Categoría: Nacionales

Fuente: Tiempo Argentino    (1-11-2020)

Desde el inicio de este gobierno, pero más intensamente desde que surgió la cuestión de Vicentin, y acentuado en estas últimas semanas, desde la oposición y varios medios se insiste en una suerte de ataque que estaría realizando el gobierno hacia la propiedad privada. Nada que ver con la realidad.

Lo ocurrido en el predio de Guernica no puede ocultar el trasfondo del problema, que es el de la vivienda o el de la precariedad del trabajo. Más allá del desalojo que ordenó la justicia en medio de tratativas del gobierno provincial para resolver el tema, hay un problema real que la sociedad debe encarar y que deviene de la forma en que se distribuye el ingreso y se acumula la riqueza.

Ahora hay un modelo redistribuidor y con un Estado presente, y a muchos no les gusta, quieren volver al modelo concentrador de los noventa, o al del gobierno macrista.

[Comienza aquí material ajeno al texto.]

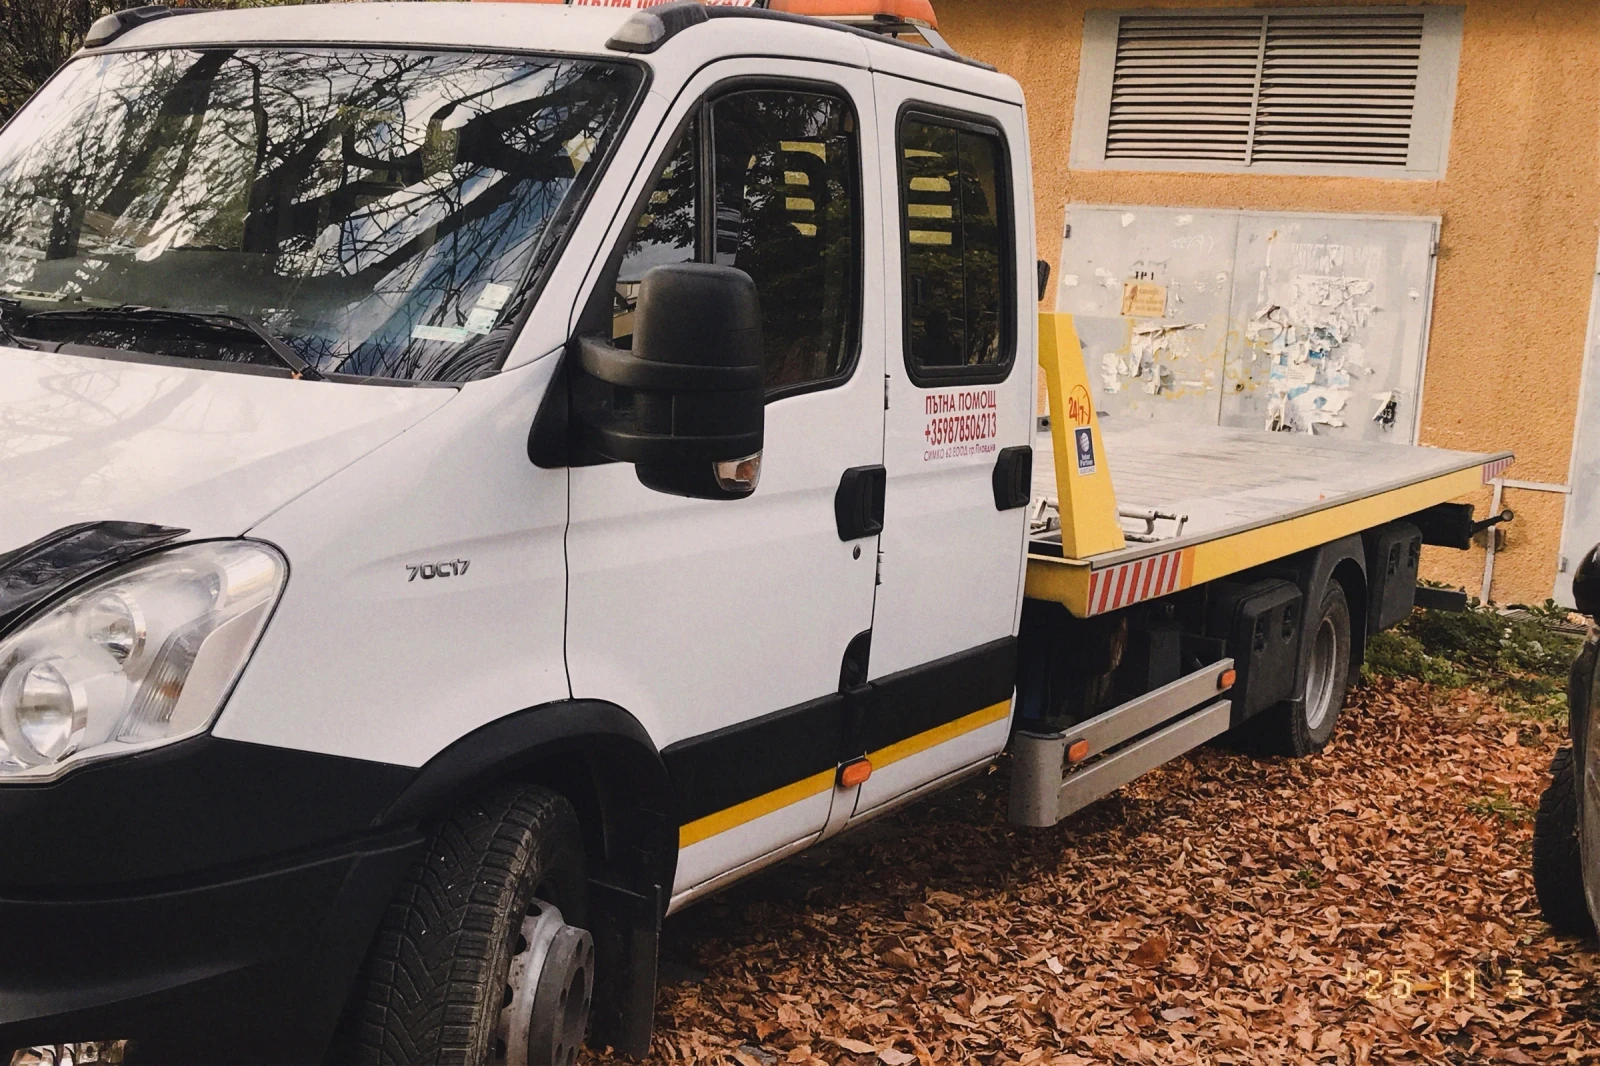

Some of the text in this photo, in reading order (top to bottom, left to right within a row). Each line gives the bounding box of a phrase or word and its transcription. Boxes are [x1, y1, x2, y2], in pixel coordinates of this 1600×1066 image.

Recientemente el papa Francisco publicó la encíclica “Fratelli Tutti”, que resulta muy apropiada en esta discusión. Allí se dice, entre otras cuestiones: “el derecho a la propiedad privada sólo puede ser considerado como un derecho natural secundario y derivado del principio del destino universal de los bienes creados, y esto tiene consecuencias muy concretas que deben reflejarse en el funcionamiento de la sociedad. Pero sucede con frecuencia que los derechos secundarios se sobreponen a los prioritarios y originarios, dejándolos sin relevancia práctica”. Francisco expresa una frase contundente: “la tradición cristiana nunca reconoció como absoluto o intocable el derecho a la propiedad privada y subrayó la función social de cualquier forma de propiedad privada”. También afirma que “el derecho de algunos a la libertad de empresa o de mercado no puede estar por encima de los derechos de los pueblos, ni de la dignidad de los pobres, ni tampoco del respeto al medio ambiente”.

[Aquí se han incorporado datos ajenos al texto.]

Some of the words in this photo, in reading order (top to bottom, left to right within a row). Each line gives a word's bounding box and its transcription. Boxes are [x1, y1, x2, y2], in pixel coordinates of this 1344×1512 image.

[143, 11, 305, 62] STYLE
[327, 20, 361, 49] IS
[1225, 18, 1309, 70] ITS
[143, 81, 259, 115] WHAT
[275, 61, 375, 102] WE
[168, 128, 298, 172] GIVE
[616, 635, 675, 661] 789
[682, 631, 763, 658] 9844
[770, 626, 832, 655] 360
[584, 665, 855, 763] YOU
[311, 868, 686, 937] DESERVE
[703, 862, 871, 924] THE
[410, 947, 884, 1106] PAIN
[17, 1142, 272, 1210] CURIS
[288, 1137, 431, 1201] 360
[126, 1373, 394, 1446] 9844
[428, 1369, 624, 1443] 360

Más allá de estas reflexiones de la encíclica que van al centro de lo importante, ciertos sectores pretenden alertar que con las políticas de este gobierno están en peligro la casa, el terreno o el automóvil de los ciudadanos, e incluso las PyMEs en sus más diversas dimensiones. Pura mentira, pura noticia falsa. Con este tipo de argumentos solo se busca asustar para mantener el statu quo, para defender una lógica de acumulación que no hace más que concentrar riqueza en unas pocas manos. Estos interesados enfoques intentan proponer que la matriz social de la Argentina es intocable y que la pobreza y otros males son un destino inevitable. No es así, aunque revertir dicho modelo requiere de un apoyo popular muy grande, respaldo que el gobierno está embarcado en ampliar aún más.

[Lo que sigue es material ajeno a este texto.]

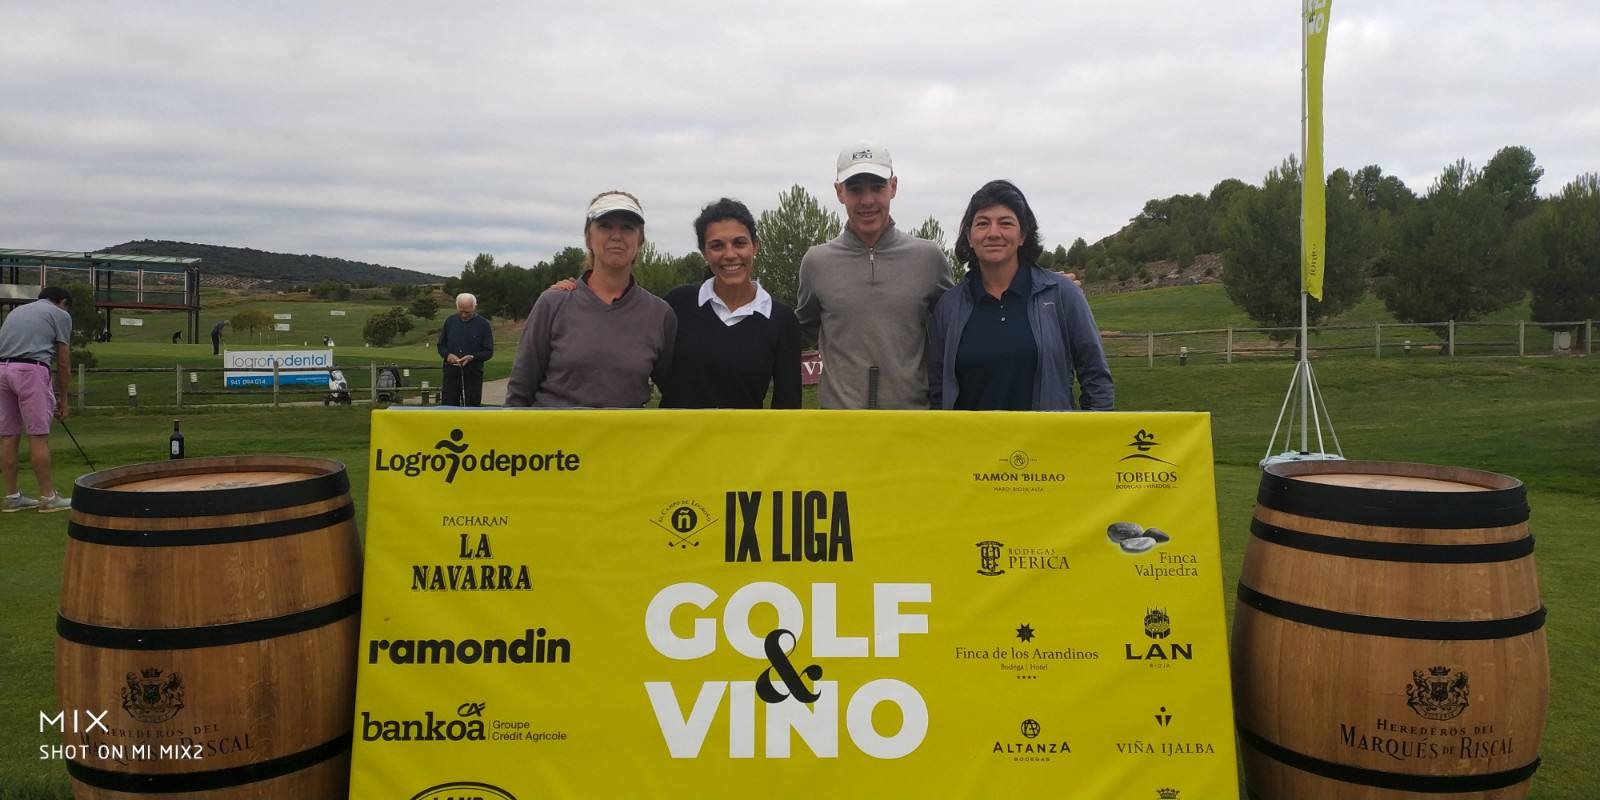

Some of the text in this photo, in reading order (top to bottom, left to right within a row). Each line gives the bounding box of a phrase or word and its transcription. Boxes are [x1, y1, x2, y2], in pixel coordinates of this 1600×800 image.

Atender las cuestiones estructurales

El jueves por la mañana el Presupuesto 2021 obtuvo media sanción en la Cámara de Diputados y ahora pasará a ser tratado por el Senado de la Nación. En lo esencial, es un proyecto que apunta tanto a la recuperación de la economía como a la solución de los problemas de índole estructural. Refleja cabalmente la visión que tiene el gobierno sobre el modelo de país.

El ministro Guzmán lo definió como “ancla del esquema integral macroeconómico de transición”. Sus previsiones no ajustan el gasto, sino que se dirigen a aumentar la actividad y los ingresos. En términos macroeconómicos, y teniendo en cuenta el punto de partida, es el mejor camino para el crecimiento inclusivo y avanzar hacia la sostenibilidad fiscal. Se orienta a disponer el esfuerzo público en sectores clave como la salud, la educación, la ciencia y tecnología, e incorporar los temas de diversidad y género como un rubro, antes inexistente, del presupuesto.

Las prioridades están claras desde el vamos. Lo que se ahorra en intereses producto de la reestructuración de la deuda pública (unos dos puntos del PIB) se destinará íntegramente a incentivar rubros verdaderamente prioritarios, entre ellos infraestructura y vivienda. Antes se buscaba recortar el gasto social para pagar más intereses, ahora se busca hacer exactamente lo contrario.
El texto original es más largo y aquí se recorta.